--- AVAILABLE RECORDS ---

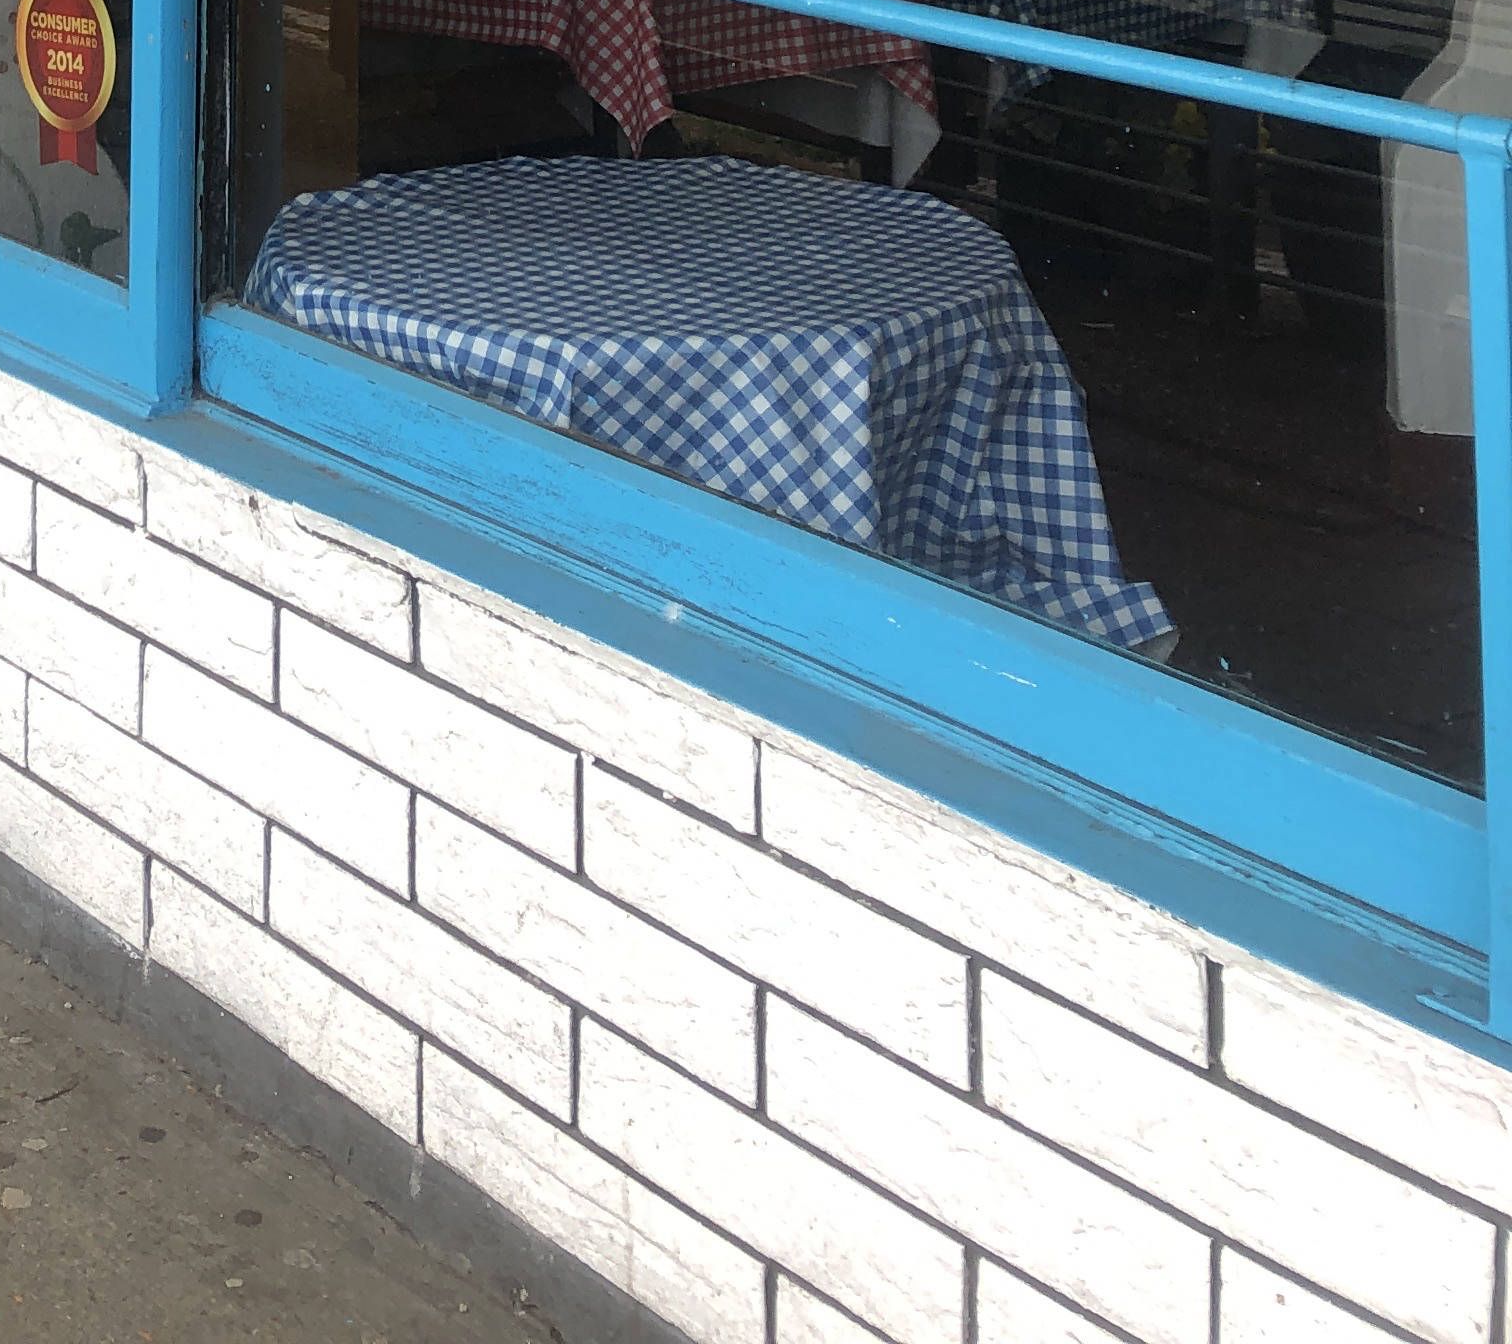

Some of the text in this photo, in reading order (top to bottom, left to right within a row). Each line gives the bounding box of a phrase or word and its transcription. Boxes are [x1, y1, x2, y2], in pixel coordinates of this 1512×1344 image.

[30, 12, 97, 37] CONSUMER
[31, 29, 98, 49] CHOICE AWARD
[47, 49, 85, 75] 2014
[47, 75, 83, 91] BUSINESS
[43, 85, 89, 103] EXCELLENCE
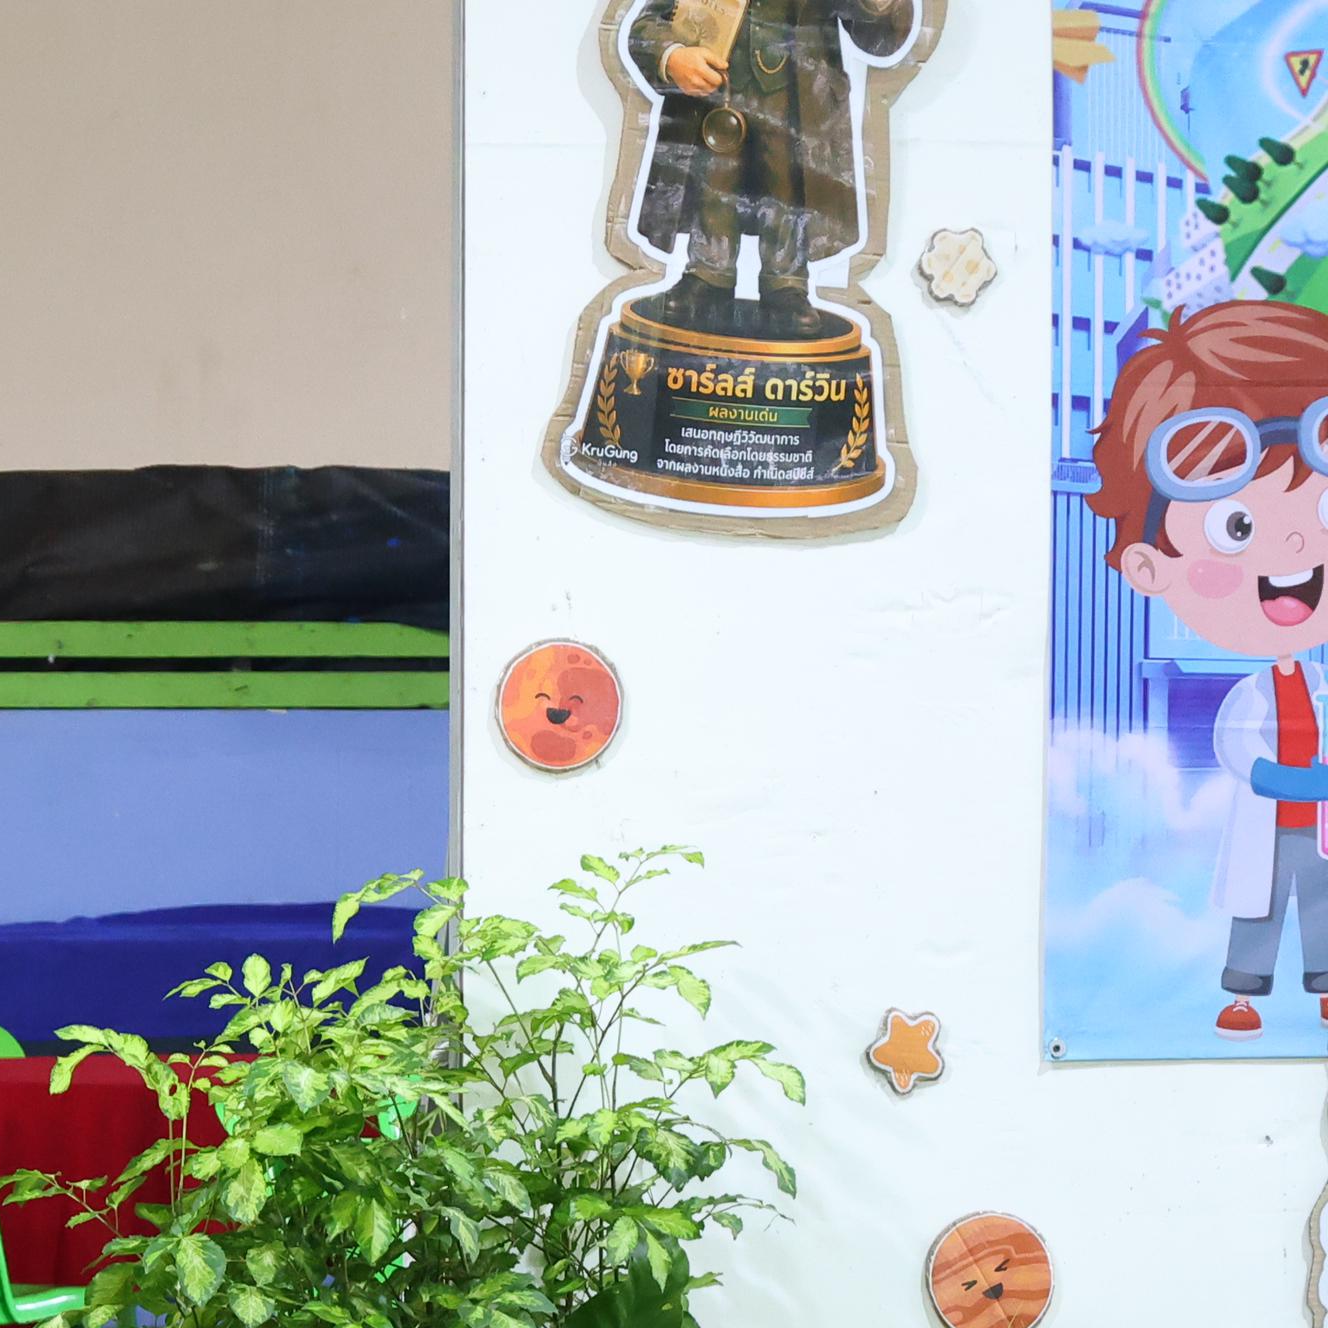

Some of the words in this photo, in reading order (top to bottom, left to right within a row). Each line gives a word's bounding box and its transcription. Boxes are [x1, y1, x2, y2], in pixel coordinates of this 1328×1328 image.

---

:: EXERCISE DESCRIPTION ::
In your answer, print the entries above exactly, with the pictures left out.

:: OUTPUT BELOW ::
Some of the text in this photo, in reading order (top to bottom, left to right within a row). Each line gives the bounding box of a phrase or word and its transcription. Boxes are [x1, y1, x2, y2], in pixel coordinates of this 1512×1344 image.

[30, 12, 97, 37] CONSUMER
[31, 29, 98, 49] CHOICE AWARD
[47, 49, 85, 75] 2014
[47, 75, 83, 91] BUSINESS
[43, 85, 89, 103] EXCELLENCE

Some of the words in this photo, in reading order (top to bottom, left to right within a row). Each line gives a word's bounding box and its transcription. Boxes are [x1, y1, x2, y2], in pixel coordinates of this 1328×1328 image.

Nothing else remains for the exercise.